=== WHAT THE TASK REQUIRES ===
Omitting all pictures, retype the entries below exactly as given.

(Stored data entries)
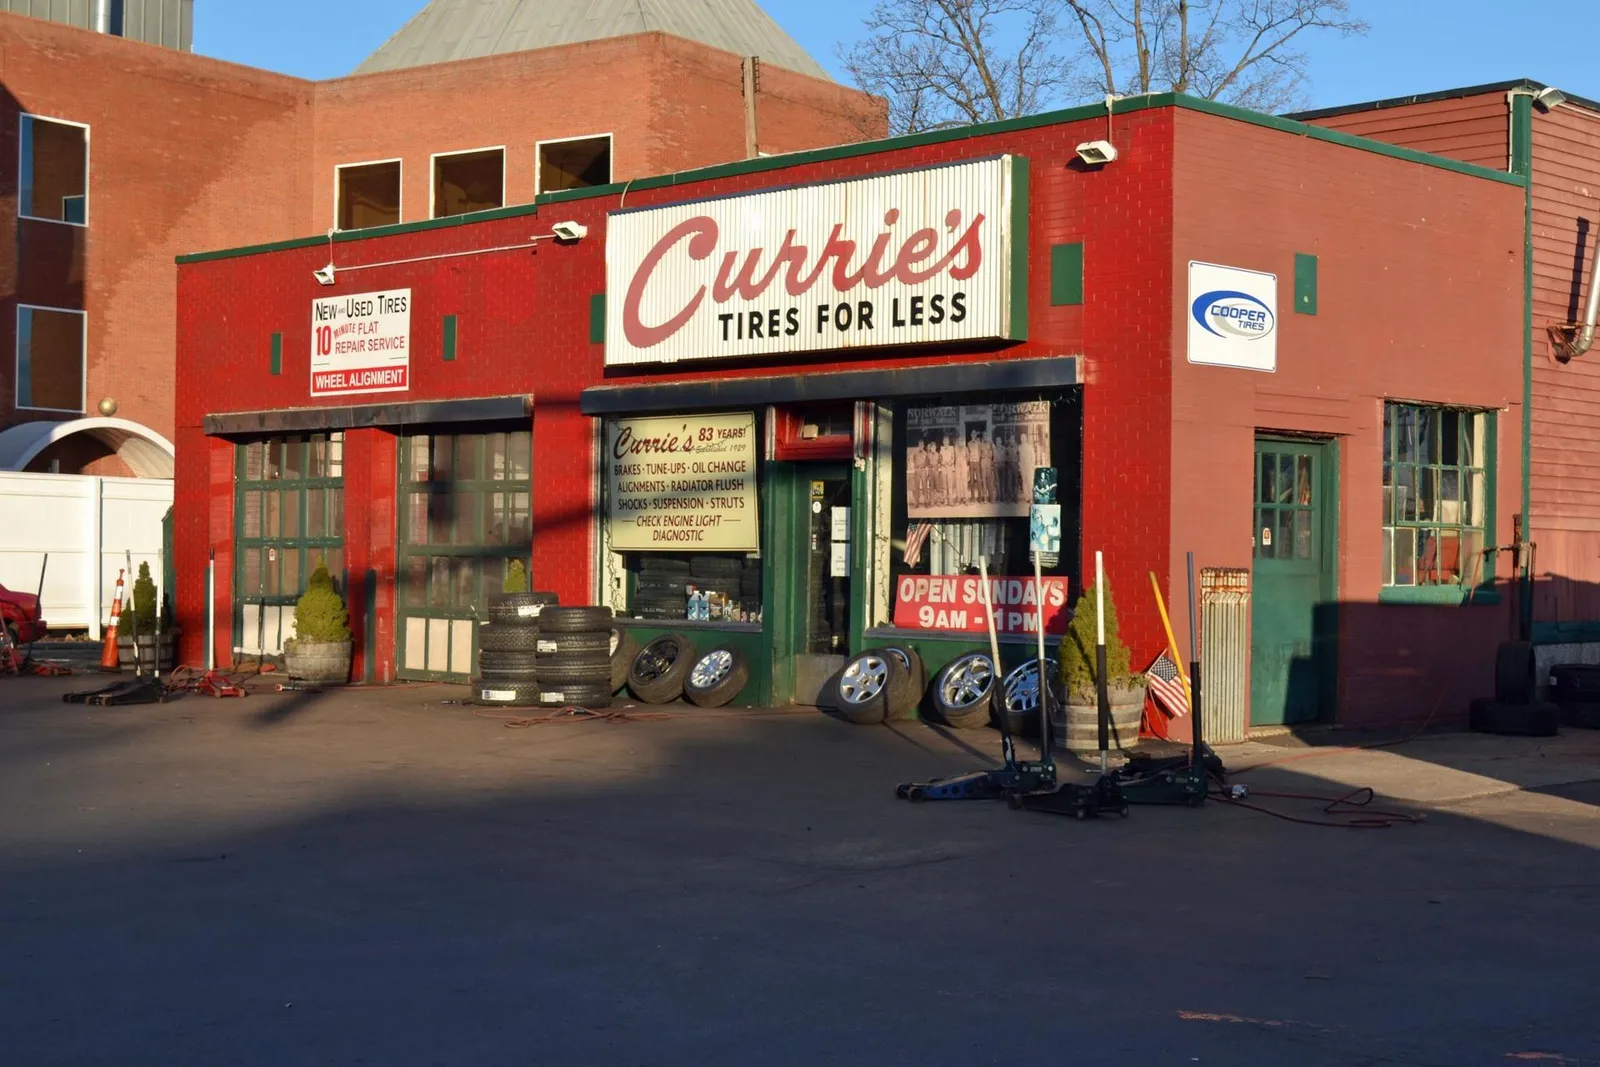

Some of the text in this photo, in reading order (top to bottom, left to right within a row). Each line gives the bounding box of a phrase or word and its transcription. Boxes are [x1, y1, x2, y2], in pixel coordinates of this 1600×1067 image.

[622, 207, 986, 349] Currie's
[315, 302, 338, 321] NEW
[346, 298, 374, 318] USED
[377, 295, 407, 315] TIRES
[718, 292, 967, 342] TIRES FOR LESS
[1210, 304, 1266, 322] COOPER
[1238, 319, 1265, 331] TIRES
[316, 321, 379, 356] 10 MINUTE FLAT
[335, 336, 405, 355] REPAIR SERVICE
[315, 369, 404, 389] WHEEL ALIGNMENT
[613, 423, 693, 459] Currie's
[698, 427, 746, 442] 83 YEARS!
[729, 443, 747, 452] 1929
[614, 460, 746, 476] BRAKES TUNE-UPS OIL CHANGE
[618, 479, 744, 493] ALIGNMENTS RADIATOR FLUSH
[618, 496, 745, 511] SHOCKS SUSPENSION STRUTS
[636, 514, 722, 527] CHECK ENGINE LIGHT
[652, 529, 704, 541] DIAGNOSTIC
[900, 577, 958, 603] OPEN
[918, 605, 967, 629] 9AM

=== PROBLEM SOLUTION ===
Some of the text in this photo, in reading order (top to bottom, left to right within a row). Each line gives the bounding box of a phrase or word and its transcription. Boxes are [x1, y1, x2, y2], in pixel coordinates of this 1600×1067 image.

[622, 207, 986, 349] Currie's
[315, 302, 338, 321] NEW
[346, 298, 374, 318] USED
[377, 295, 407, 315] TIRES
[718, 292, 967, 342] TIRES FOR LESS
[1210, 304, 1266, 322] COOPER
[1238, 319, 1265, 331] TIRES
[316, 321, 379, 356] 10 MINUTE FLAT
[335, 336, 405, 355] REPAIR SERVICE
[315, 369, 404, 389] WHEEL ALIGNMENT
[613, 423, 693, 459] Currie's
[698, 427, 746, 442] 83 YEARS!
[729, 443, 747, 452] 1929
[614, 460, 746, 476] BRAKES TUNE-UPS OIL CHANGE
[618, 479, 744, 493] ALIGNMENTS RADIATOR FLUSH
[618, 496, 745, 511] SHOCKS SUSPENSION STRUTS
[636, 514, 722, 527] CHECK ENGINE LIGHT
[652, 529, 704, 541] DIAGNOSTIC
[900, 577, 958, 603] OPEN
[918, 605, 967, 629] 9AM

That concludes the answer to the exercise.